What to produce: If a record contains a picture, skip the picture and transcribe the rest exactly.

Dataset extract:
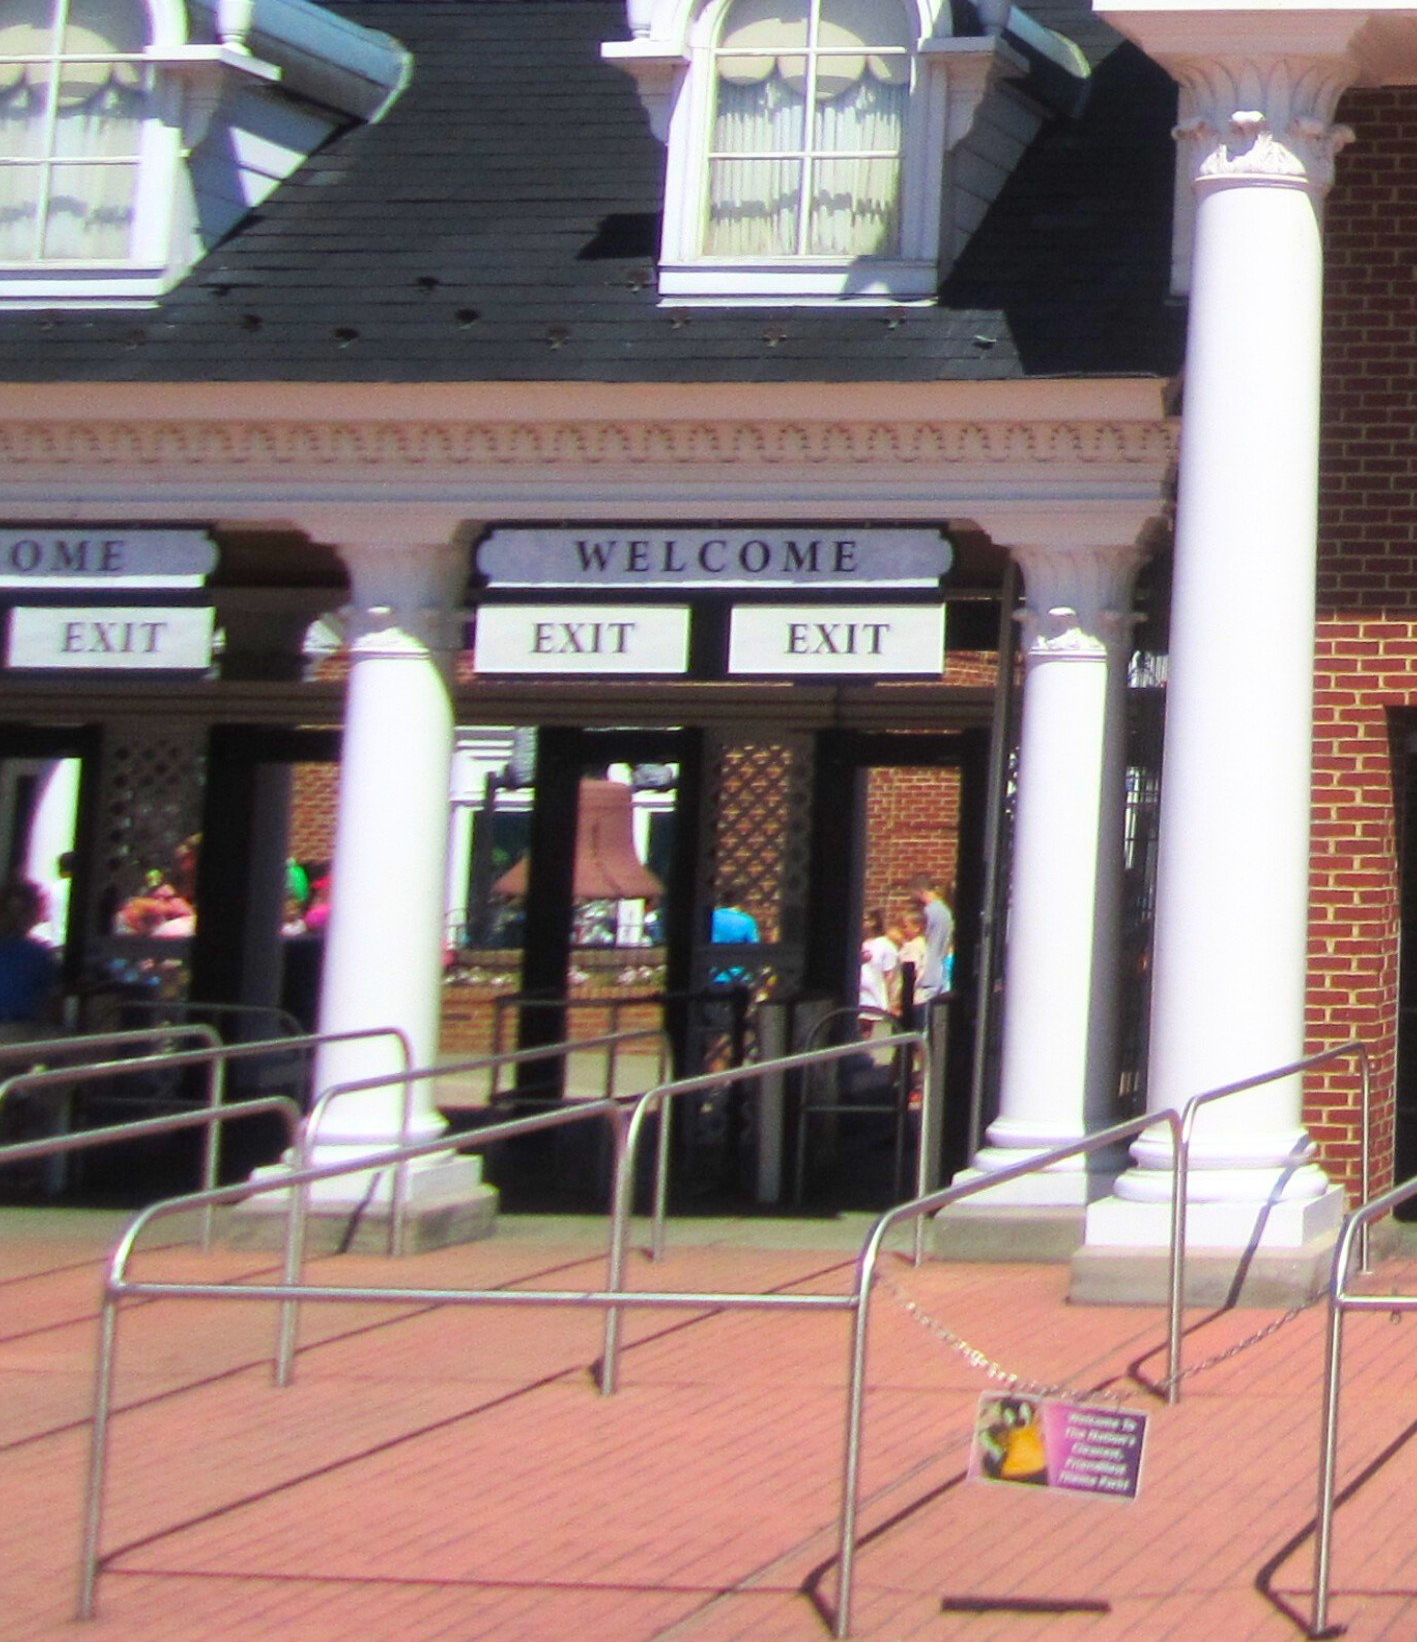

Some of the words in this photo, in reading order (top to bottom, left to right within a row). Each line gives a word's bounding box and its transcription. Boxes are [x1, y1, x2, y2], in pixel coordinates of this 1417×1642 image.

[573, 539, 858, 573] WELCOME
[60, 622, 168, 653] EXIT
[532, 622, 636, 654] EXIT
[784, 622, 891, 655] EXIT

Exercise solution:
Some of the words in this photo, in reading order (top to bottom, left to right within a row). Each line gives a word's bounding box and its transcription. Boxes are [x1, y1, x2, y2], in pixel coordinates of this 1417×1642 image.

[573, 539, 858, 573] WELCOME
[60, 622, 168, 653] EXIT
[532, 622, 636, 654] EXIT
[784, 622, 891, 655] EXIT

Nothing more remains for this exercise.